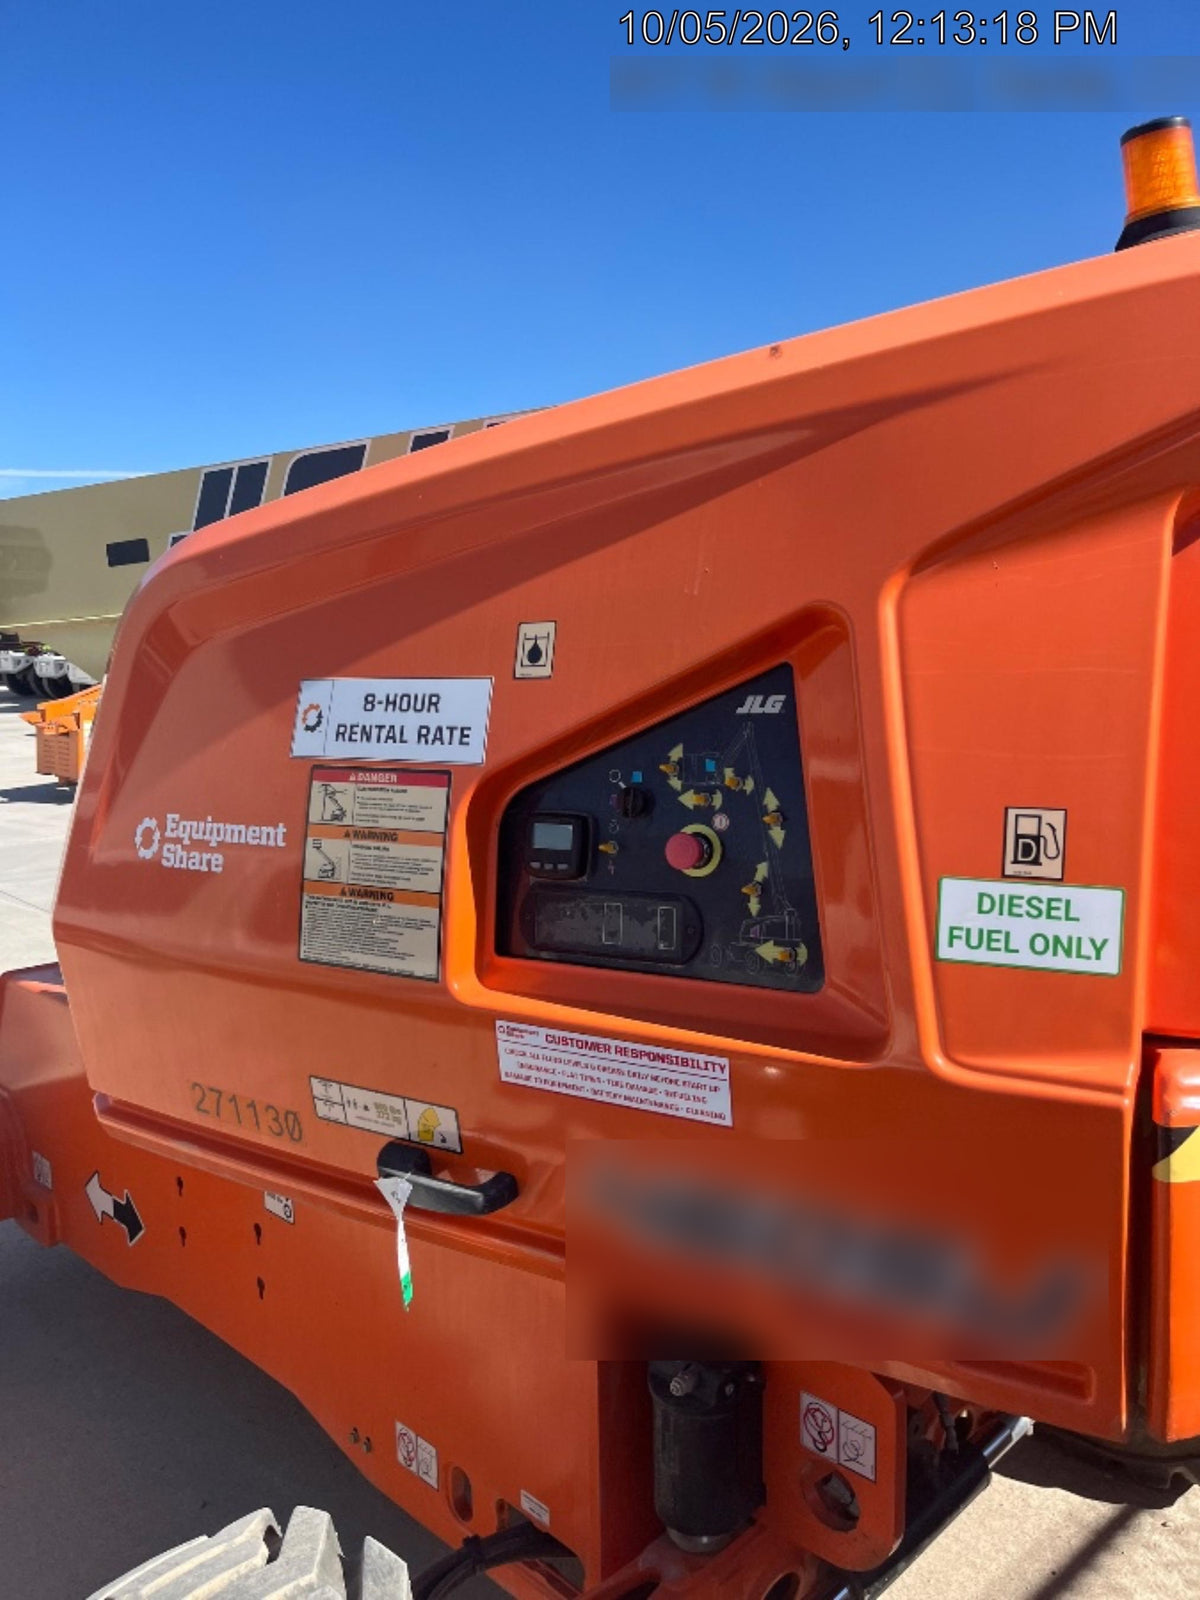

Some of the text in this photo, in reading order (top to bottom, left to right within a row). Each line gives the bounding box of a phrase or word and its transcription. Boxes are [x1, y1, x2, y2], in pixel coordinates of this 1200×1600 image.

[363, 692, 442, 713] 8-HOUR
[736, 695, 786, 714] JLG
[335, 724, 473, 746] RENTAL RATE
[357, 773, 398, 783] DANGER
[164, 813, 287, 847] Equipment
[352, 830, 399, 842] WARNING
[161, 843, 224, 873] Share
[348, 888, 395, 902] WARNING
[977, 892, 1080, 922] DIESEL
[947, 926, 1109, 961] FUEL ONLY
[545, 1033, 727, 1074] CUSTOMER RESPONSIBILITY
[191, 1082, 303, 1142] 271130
────────────────────
Requirement
Give back the listing exactly, without a single picture.

Reply
Some of the text in this photo, in reading order (top to bottom, left to right within a row). Each line gives the bounding box of a phrase or word and its transcription. Boxes are [x1, y1, x2, y2], in pixel coordinates of this 1200×1600 image.

[363, 692, 442, 713] 8-HOUR
[736, 695, 786, 714] JLG
[335, 724, 473, 746] RENTAL RATE
[357, 773, 398, 783] DANGER
[164, 813, 287, 847] Equipment
[352, 830, 399, 842] WARNING
[161, 843, 224, 873] Share
[348, 888, 395, 902] WARNING
[977, 892, 1080, 922] DIESEL
[947, 926, 1109, 961] FUEL ONLY
[545, 1033, 727, 1074] CUSTOMER RESPONSIBILITY
[191, 1082, 303, 1142] 271130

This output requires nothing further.